The corpus is built by collecting and processing data from the following sources:

Source	Notes	Origin
UKIM	Books and dissertations from various topics	UKIM Digital Library, UKIM Repository
Wikipedia (MK)	Macedonian Wikipedia dump	Wikipedia
MANU	Various publications from MANU	MANU
HuggingFace (fineweb-2)	Macedonian subset of FineWeb-2 (mkd_Cyrl)	Hugging Face
Common Voice (MK)	Macedonian sentences from the Common Voice dataset	Common Voice
CLARIN MaCoCu-mk 2.0	Web-crawled Macedonian texts	CLARIN
UKLO	Resources from UKLO	UKLO
UGD	Resources from UGD	UGD
SETimes Corpus (MK-EN)	Macedonian-English parallel corpus (only MK sentences used)	SETimes
HPLT (MK)	Macedonian subset of HPLT	HPLT
Institute of Macedonian Language	Resources from the Institute of Macedonian Language "Krste Misirkov"	IMJ
Official PE Gazette of North Macedonia	Official Gazette of North Macedonia	slvesnik

📋 Overview

1. `filtering/`

This folder contains the primary scripts for downloading, filtering, and preparing the clean version of corpus input: raw corpus, output: cleaned corpus.

🧹 filter.py
- Purpose: Produces a cleaned version of the dataset (filtering process inspired by fineweb-2).
- Features:
  - C4-like filtering (removing irrelevant lines, low-quality text, and placeholder content).
  - Gopher-like filtering (handling incomplete or overly repetitive documents).
  - High-confidence language detection for Macedonian text.
  - Sentence deduplication to avoid redundancy.
  - Personally Identifiable Information (PII) filtering.
📥 download.py
- Purpose: Downloads the raw dataset (macedonian-corpus-raw) from its source.

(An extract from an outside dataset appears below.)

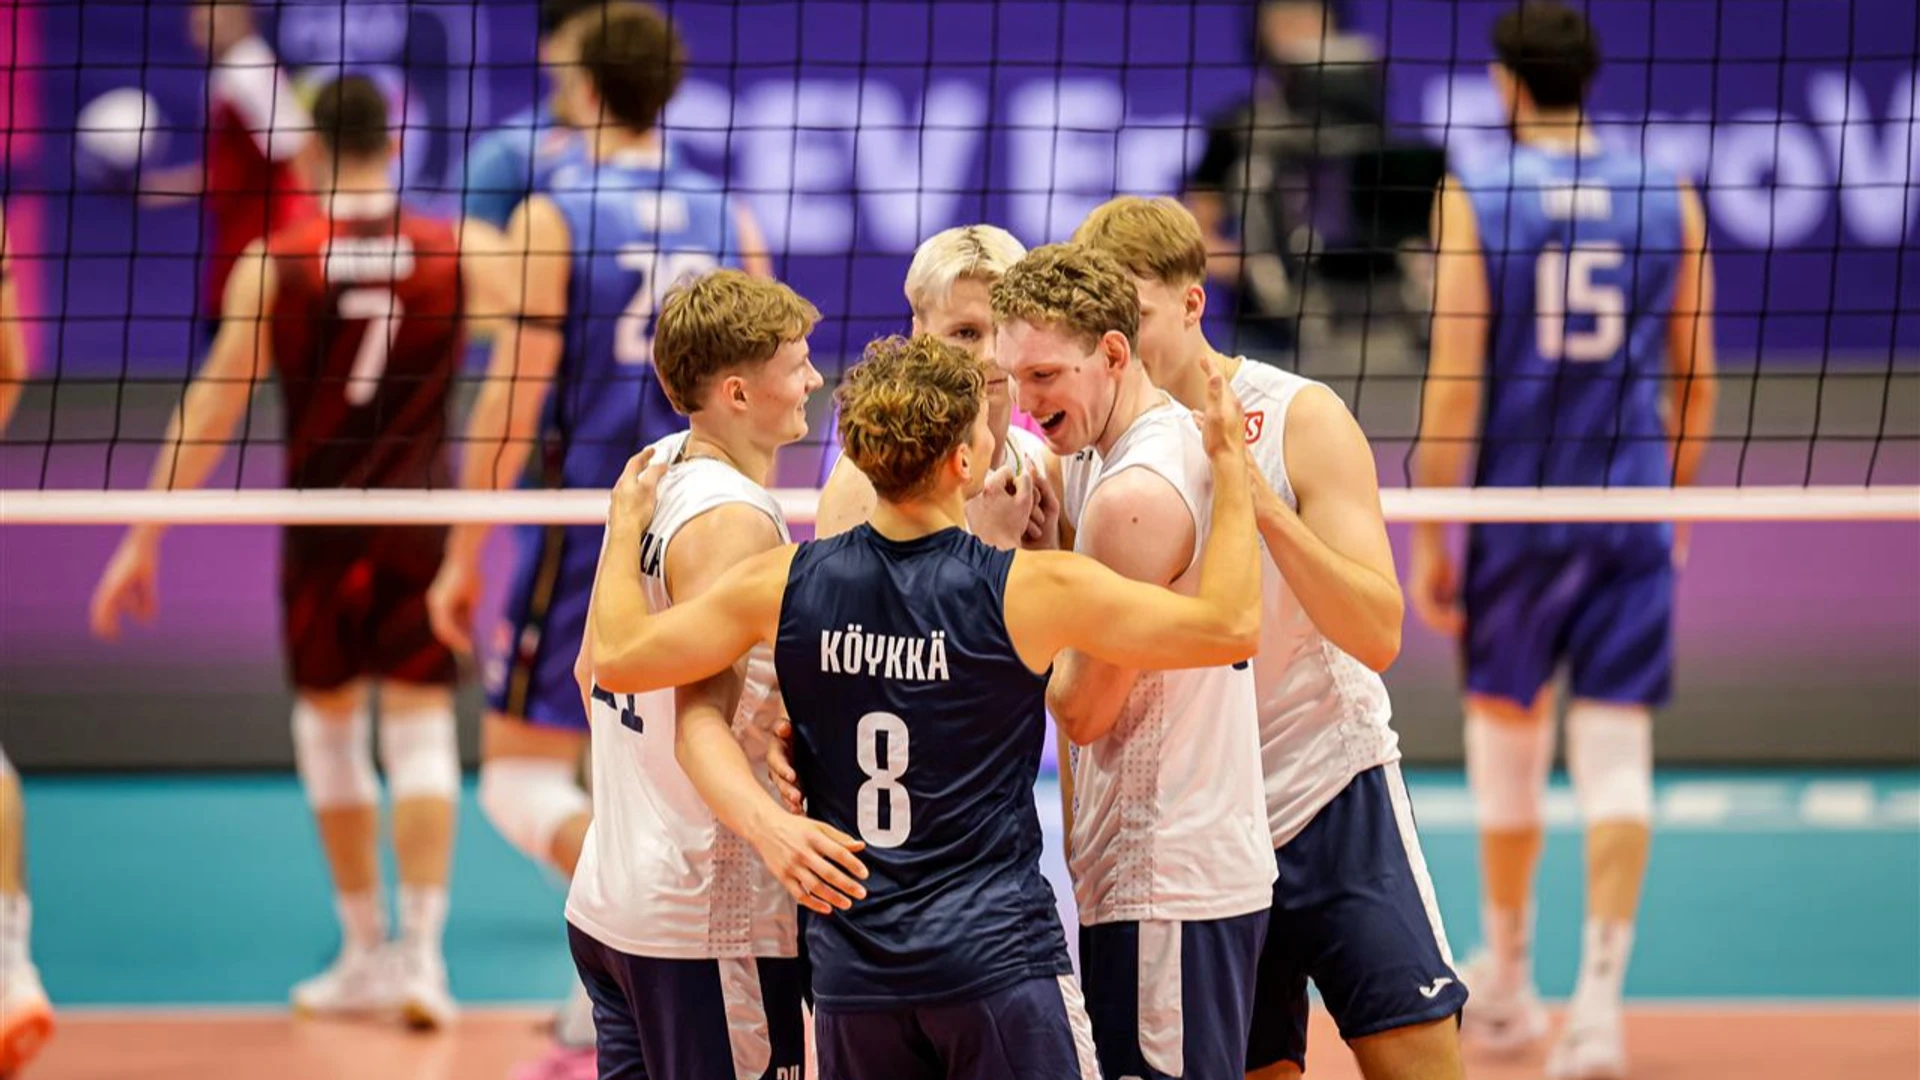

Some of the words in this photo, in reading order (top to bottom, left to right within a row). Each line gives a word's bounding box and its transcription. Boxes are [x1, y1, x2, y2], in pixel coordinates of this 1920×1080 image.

It is advisable to split the dataset into chunks (using split_data/) for efficient multiprocessing.
🔀 split_data/ (optional)
- Purpose: Contains split chunks of the downloaded corpus to exploit multiprocessing during filtering.
🧪 test_language_model.py
- Purpose: Evaluates the outputs of language detection models.
- Usage: Useful for testing the language filtering logic.
👥 dedup/minhash.py
- Purpose: Second stage deduplication. (input: cleaned, output: cleaned and deduplicated

2. `process_data/`

This folder contains notebooks used to process and unify various Macedonian text sources into the raw dataset.

📄 common_voice.ipynb
- Purpose: Extracts text from the Common Voice dataset, specifically from .tsv files.
🔗 consolidate_data.ipynb
- Purpose: Unifies all data sources into a single raw dataset (macedonian-corpus-raw).
- Usage: Combines text data from multiple sources (e.g., Common Voice, scraped PDFs, web crawls). For reference, see the dataset description here.

3. `scraping/`

This folder contains scripts for data collection through web scraping.

🖋️ scrape_pdfs.py
- Purpose: Scrapes text from PDFs.
- Usage: The extracted content is processed through MMORE and included in both the raw and cleaned datasets, with field 'source' == MMORE.